This appeal arises pursuant to the Texas Workers’ Compensation Act, TEX. LAB. CODE ANN. § 401.001 et seq. (1989 Act). A contested case hearing (CCH) was held on October 6, 2009. Regarding the six issues before her, the hearing officer determined that: (1) the first maximum medical improvement (MMI) certification and assigned impairment rating (IR) issued by (Dr. E) on July 7, 2008, did not become final; (2) the appellant (claimant) is entitled to an extension of his statutory date of MMI; (3) the claimant’s compensable injury of ___________, includes an instability pattern (spondylolisthesis) at L5-S1 with lumbar stenosis and radiculopathy, degenerative disc disease of the lumbar spine and cervical spine but does not include depression or anxiety; (4) the claimant sustained disability from July 8, 2008, through June 22, 2009; (5) the claimant reached MMI on April 14, 2009; and (6) the claimant has a 10% whole body IR.

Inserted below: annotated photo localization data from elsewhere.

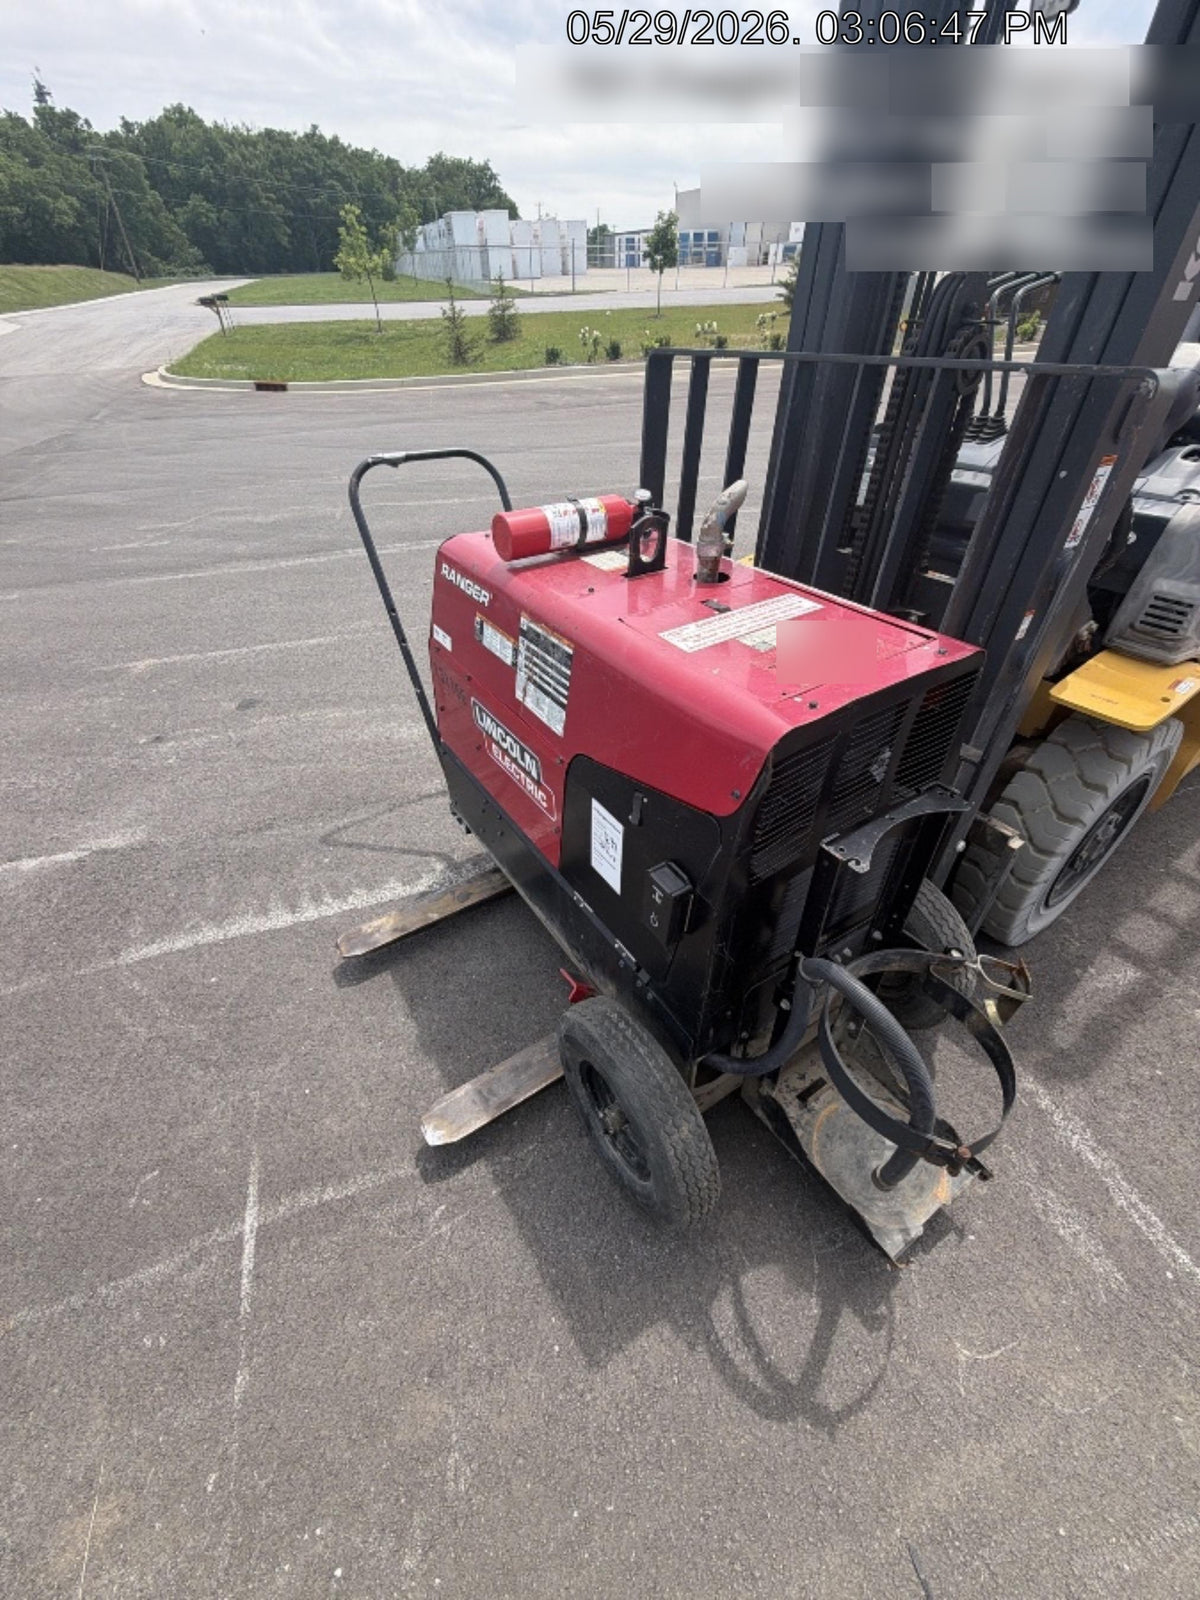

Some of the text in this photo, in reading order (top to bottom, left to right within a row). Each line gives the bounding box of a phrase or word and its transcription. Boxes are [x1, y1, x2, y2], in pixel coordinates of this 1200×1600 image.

[440, 563, 491, 607] RANGER
[475, 705, 539, 780] LINCOLN
[491, 742, 549, 809] ELECTRIC
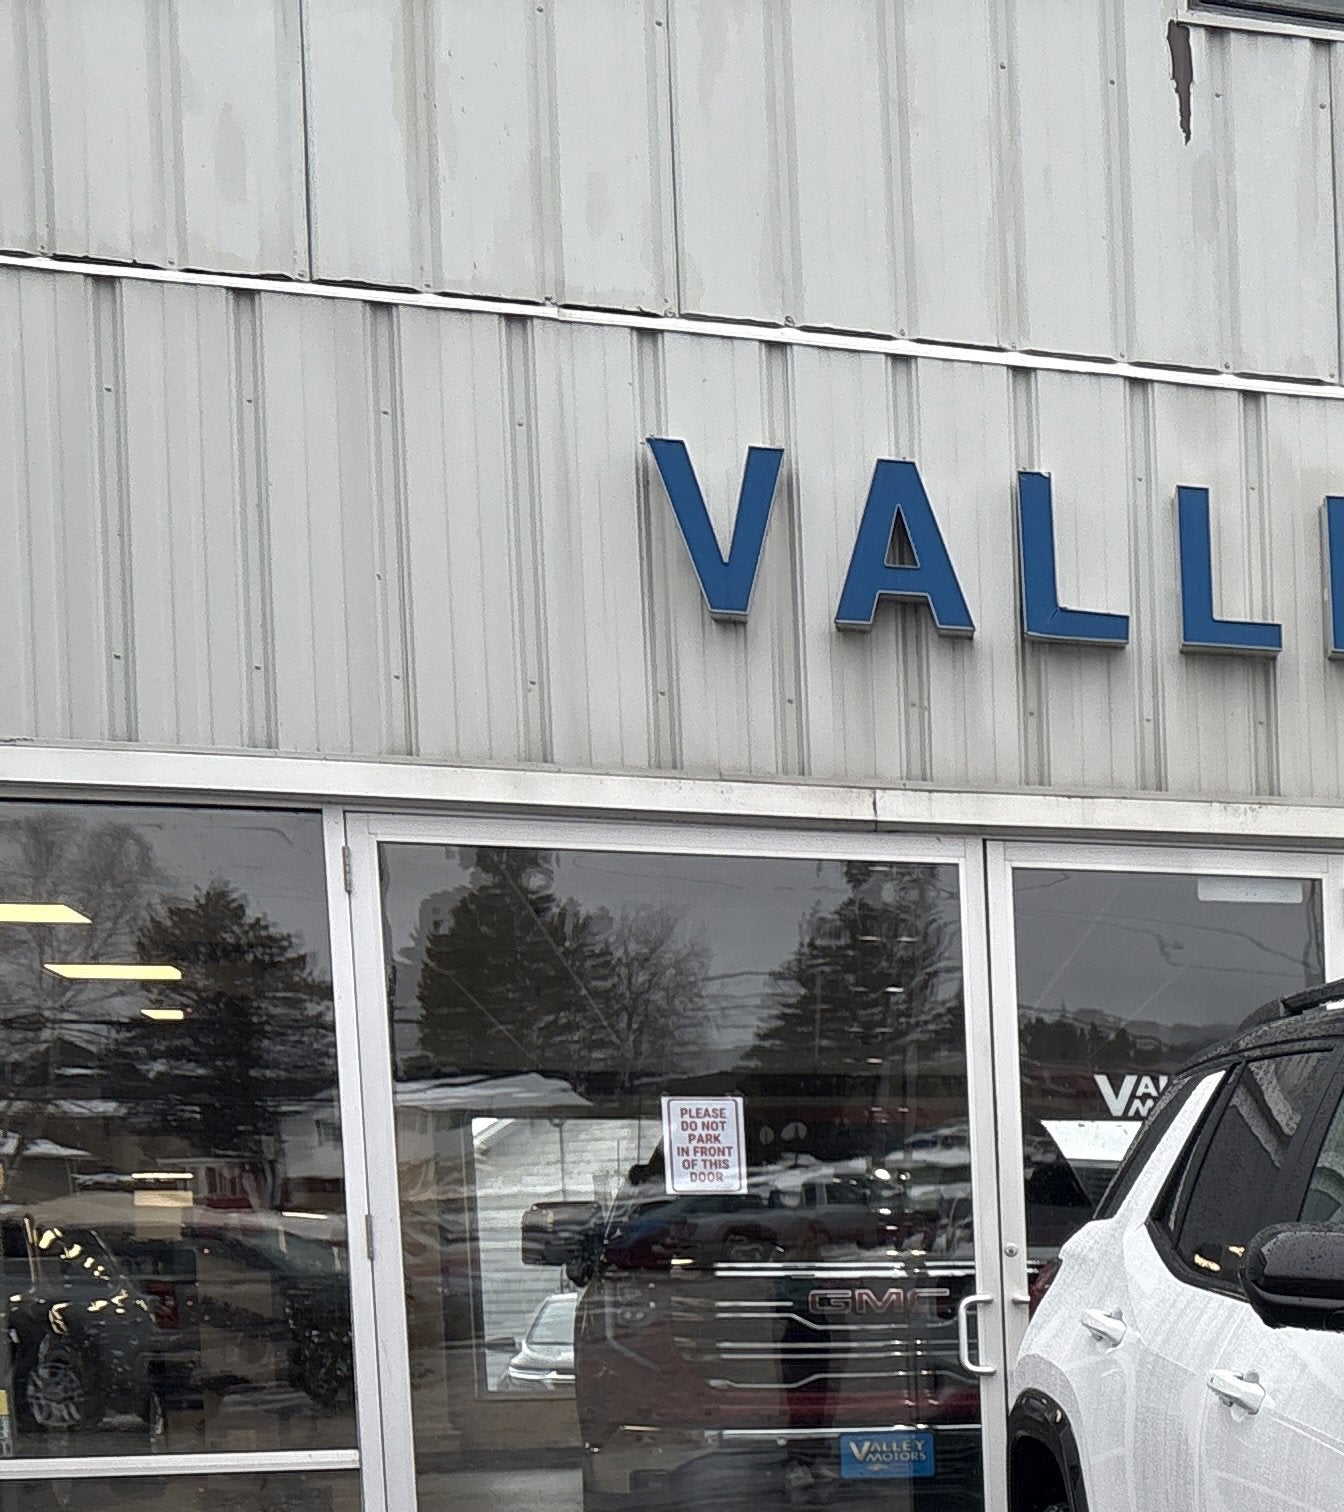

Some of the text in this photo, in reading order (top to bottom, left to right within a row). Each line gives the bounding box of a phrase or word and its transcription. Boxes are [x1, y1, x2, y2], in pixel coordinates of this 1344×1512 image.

[679, 1107, 727, 1119] PLEASE
[681, 1120, 726, 1132] DO NOT
[688, 1133, 721, 1144] PARK
[677, 1146, 734, 1157] IN FRONT
[682, 1158, 730, 1170] OF THIS
[689, 1171, 724, 1183] DOOR
[808, 1288, 951, 1315] GMC
[848, 1439, 926, 1462] VALLEY
[865, 1449, 927, 1462] MOTORS

The hearing officer’s determinations that: (1) Dr. E’s first certification of MMI and IR did not become final; (2) the claimant is entitled to an extension of his statutory MMI date; (3) the claimant’s compensable injury of ___________, includes an instability pattern (spondylolisthesis) at L5-S1 with lumbar stenosis and radiculopathy, degenerative disc disease of the lumbar and cervical spine; and (4) the claimant sustained disability from July 8, 2008, through June 22, 2009, have not been appealed and have become final pursuant to Section 410.169.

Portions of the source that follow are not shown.